Given entries: Begin
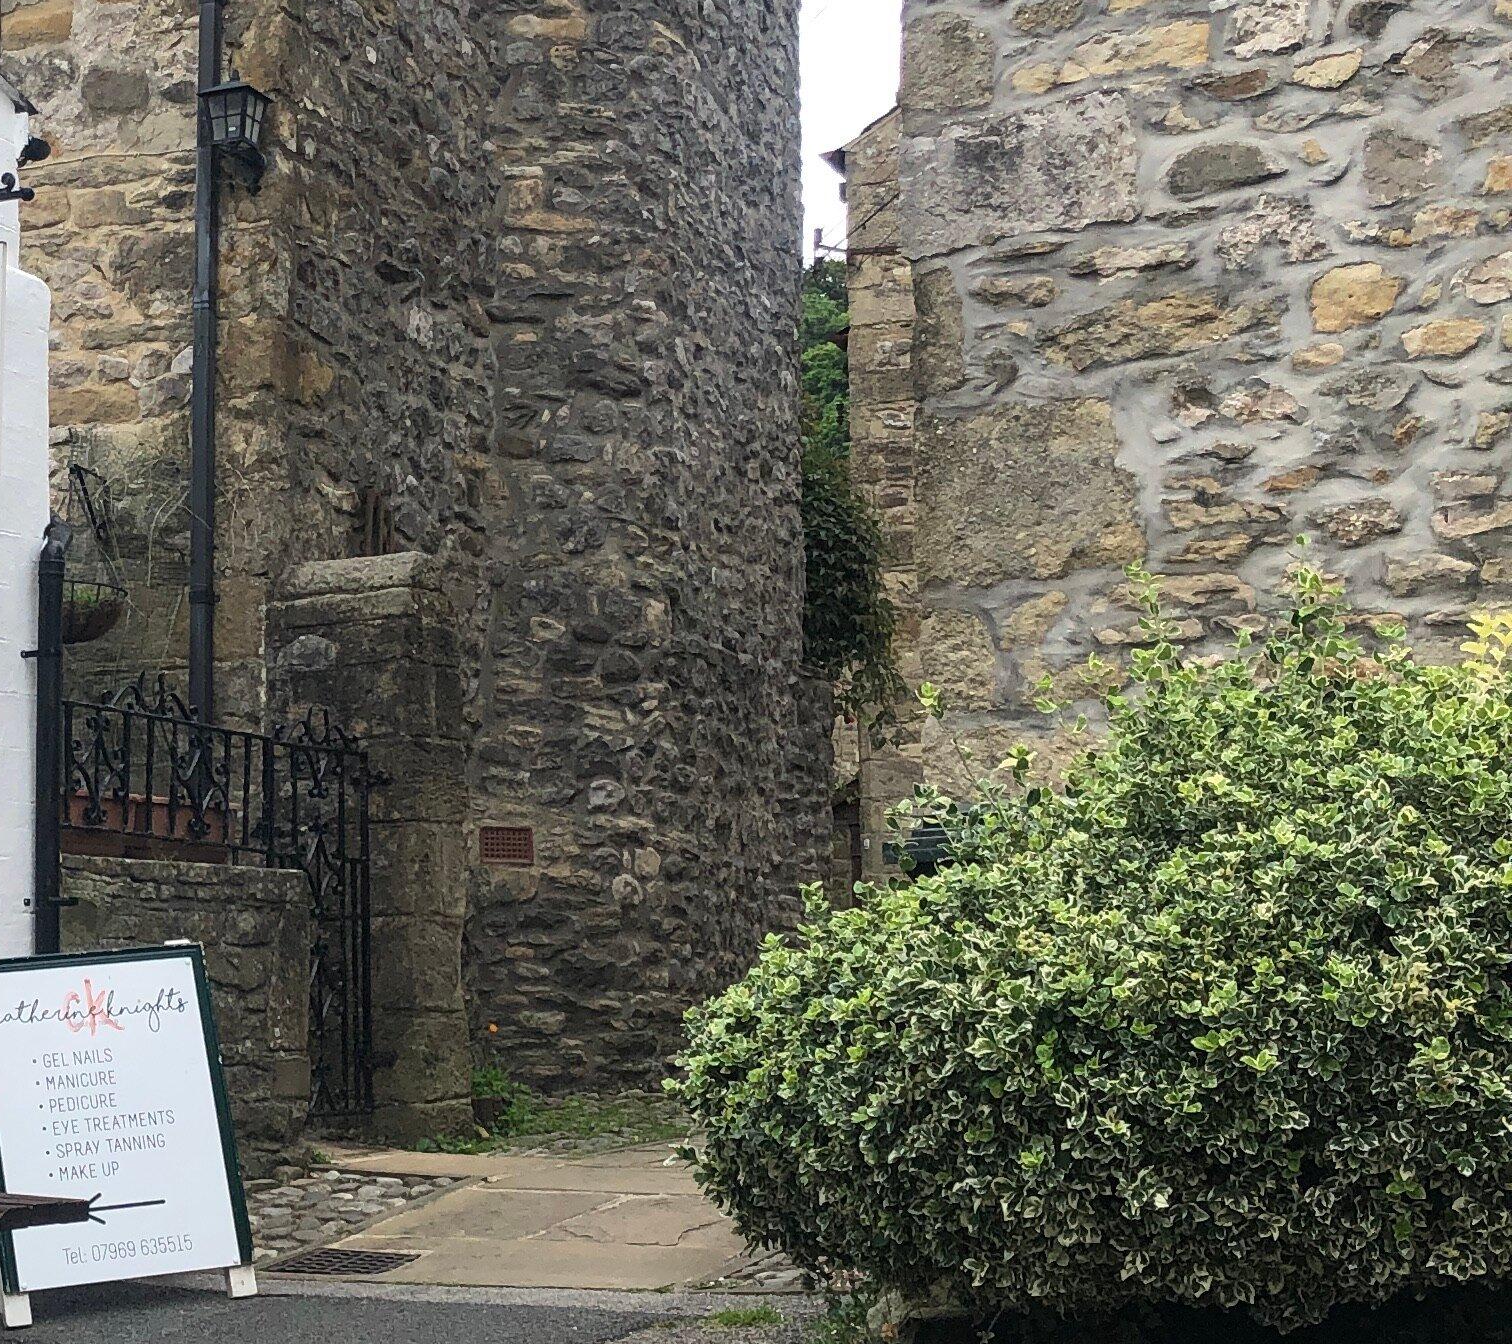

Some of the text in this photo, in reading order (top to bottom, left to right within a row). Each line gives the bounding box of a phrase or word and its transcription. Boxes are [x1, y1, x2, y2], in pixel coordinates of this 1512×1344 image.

[106, 987, 188, 1033] knights
[42, 1048, 113, 1068] GEL NAILS
[45, 1070, 117, 1091] MANICURE
[49, 1092, 118, 1113] PEDICURE
[52, 1109, 176, 1136] EYE TREATMENTS
[55, 1133, 166, 1159] SPRAY TANNING
[59, 1160, 120, 1181] MAKE UP
[62, 1233, 193, 1266] Tel: 07969 635515
Given entries: End
The task:
Leaving the pictures out, transcribe the entries above exactly as written.

Answer space:
Some of the text in this photo, in reading order (top to bottom, left to right within a row). Each line gives the bounding box of a phrase or word and its transcription. Boxes are [x1, y1, x2, y2], in pixel coordinates of this 1512×1344 image.

[106, 987, 188, 1033] knights
[42, 1048, 113, 1068] GEL NAILS
[45, 1070, 117, 1091] MANICURE
[49, 1092, 118, 1113] PEDICURE
[52, 1109, 176, 1136] EYE TREATMENTS
[55, 1133, 166, 1159] SPRAY TANNING
[59, 1160, 120, 1181] MAKE UP
[62, 1233, 193, 1266] Tel: 07969 635515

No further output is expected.